ドイツで長期間暮らしている日本人の知人は結構な数であり、感覚では日本での知人の数と同じぐらいいるのだが、若くして亡くなる人が日本よりも多いのではないかと思う。
どのような形であれ、生命の危機にさらされると医師の処置を受けるわけであるが、その欧州における処置は日本人と欧州人の間にある物理的な違い、例えば頭の大きさとか体重とか骨格の違いによって、日本人の処置に最適化されていない。投薬にしても、風邪を引いた時に渡される薬は過剰量であることが多く、風邪ならば体力でカバーできるが、生きるか死ぬかギリギリのところではこの微妙な最適化の違いが決定打になるのではなかろうか。心理学的なカウンセリングにしても、日本語を母語としている人間が例えばドイツ語で果たしてその奥深くまでリーチがあるかと言えばおそらく無理、である。
海外に移住して暮らすことのリスクは犯罪等よりもこちらの方が大きいのではないか、としばしば思ったりする。フランスで日本の紹介者として有名な日本出身の方が49で亡くなったという話を見かけた。今どき、早逝である。それで、そんなことを思い出した。
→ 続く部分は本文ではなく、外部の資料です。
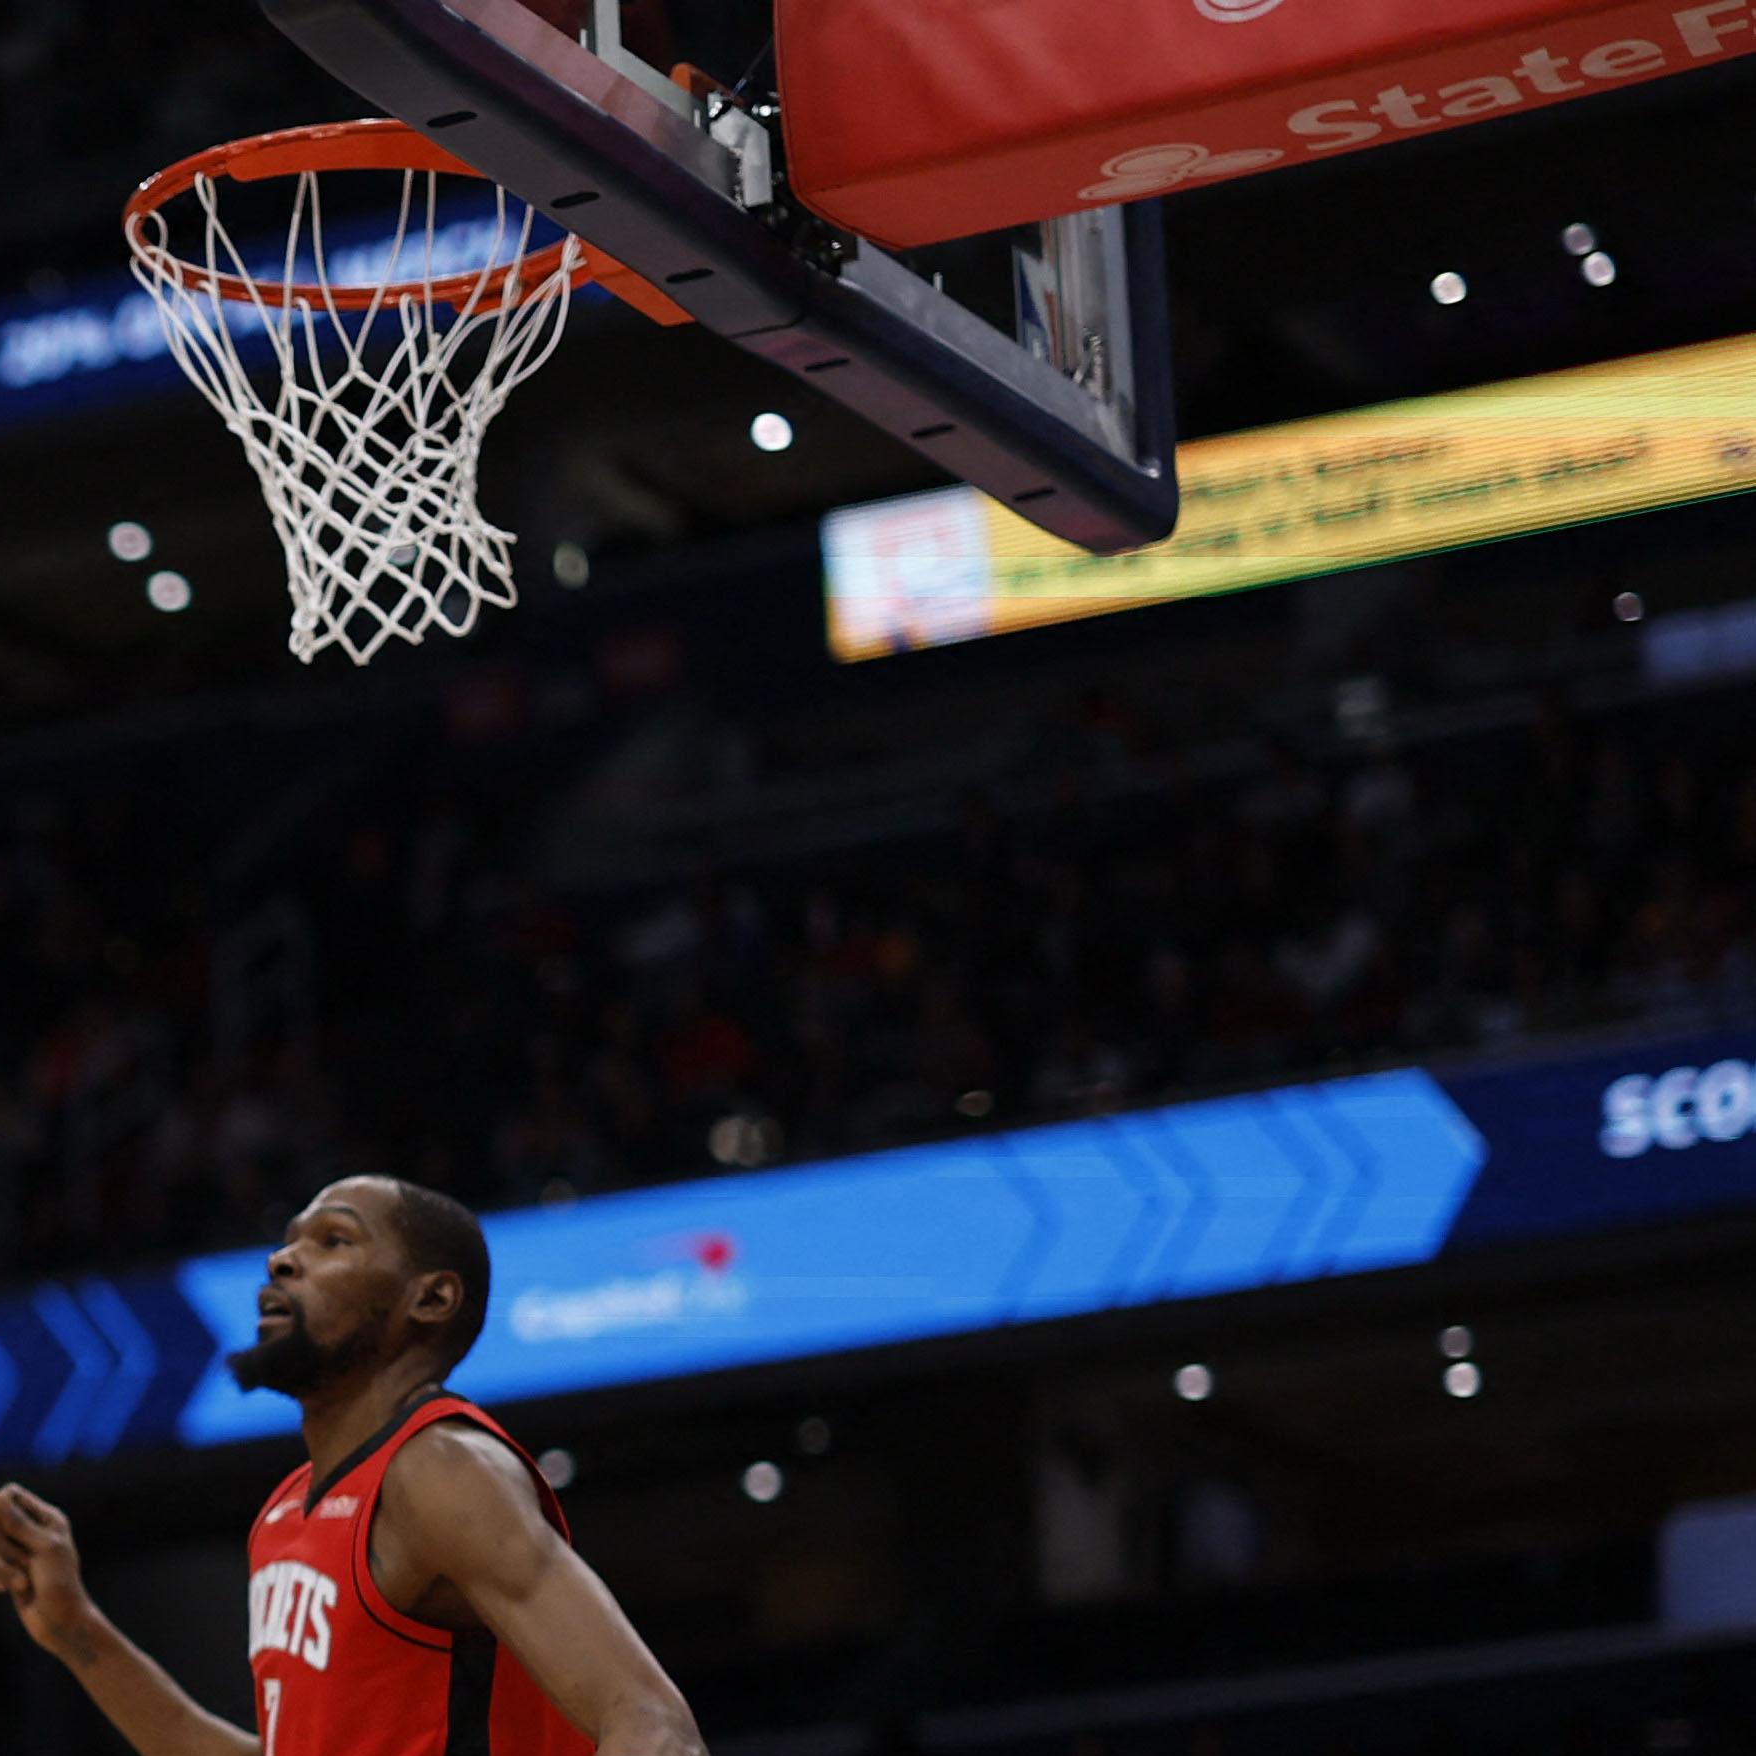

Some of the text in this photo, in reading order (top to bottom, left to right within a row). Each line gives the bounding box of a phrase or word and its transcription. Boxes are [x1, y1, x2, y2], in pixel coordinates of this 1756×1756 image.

[1287, 0, 1756, 151] State F
[1599, 1059, 1756, 1158] SCO
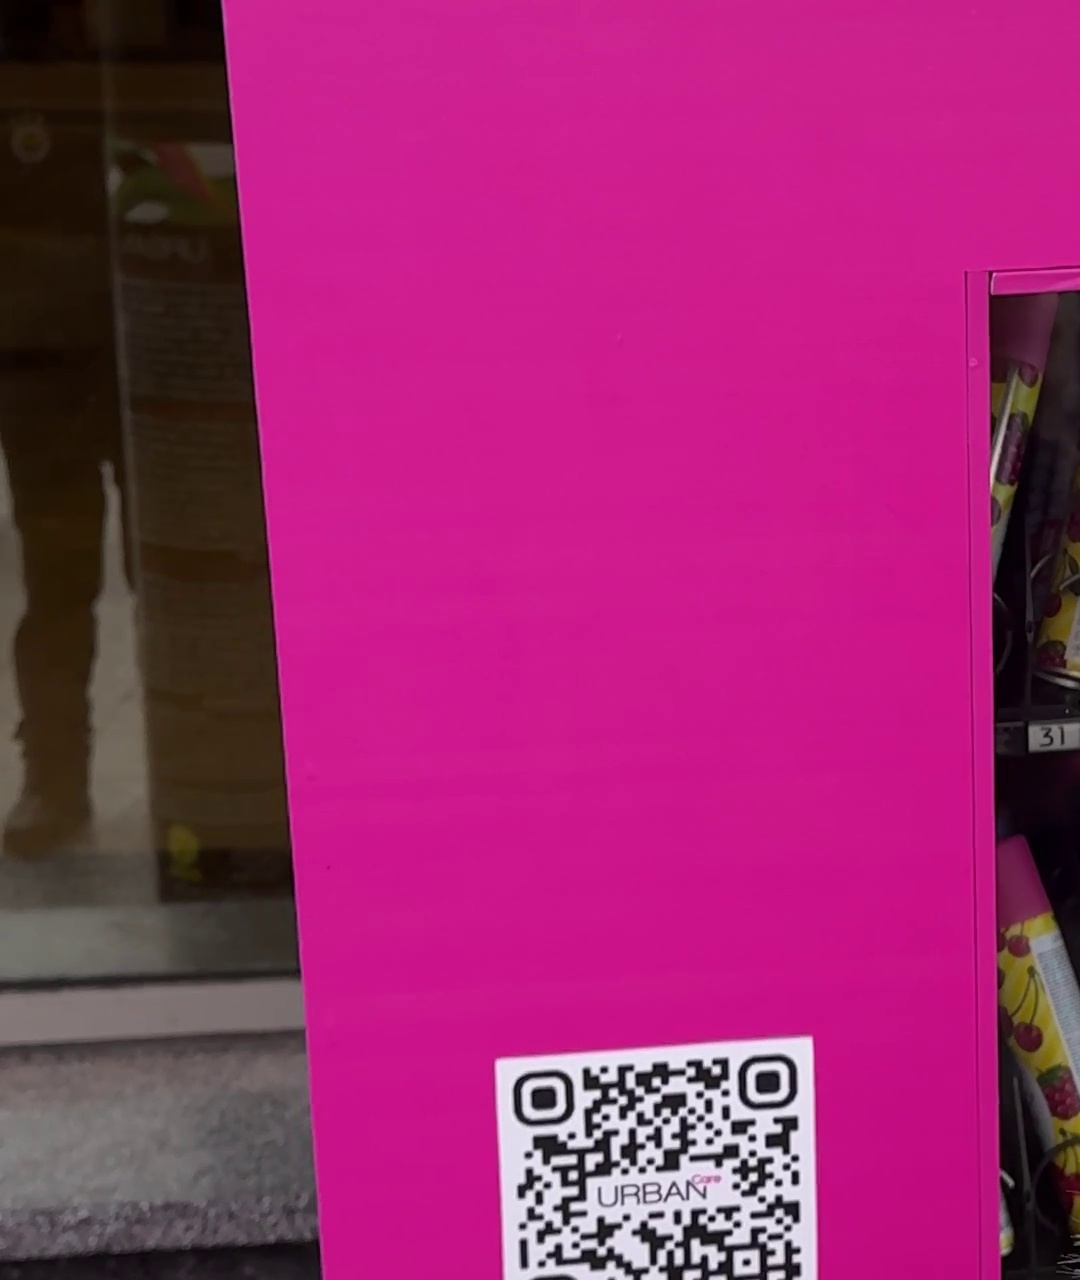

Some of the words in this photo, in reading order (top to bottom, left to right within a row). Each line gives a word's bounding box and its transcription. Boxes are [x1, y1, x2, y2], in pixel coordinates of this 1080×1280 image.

[1039, 726, 1065, 747] 31
[691, 1174, 722, 1185] Care
[597, 1180, 707, 1208] URBAN
この話で思い出したけれど、キャロライン・クリアド=ペレスという英国のジャーナリストが書いた『存在しない女たち』という本(翻訳は河出書房新社2020)の中に、性差医療に関連する内容があった。この社会が様々なところで男性を基準として作られていることを分析したこの本で、多くの薬が治験に女性の参加がないまま作られてきたとか、ある種のペースメーカーが男性基準で設計されていたため、多くの女性が命を落とした、というような話が書いてあって愕然とした……。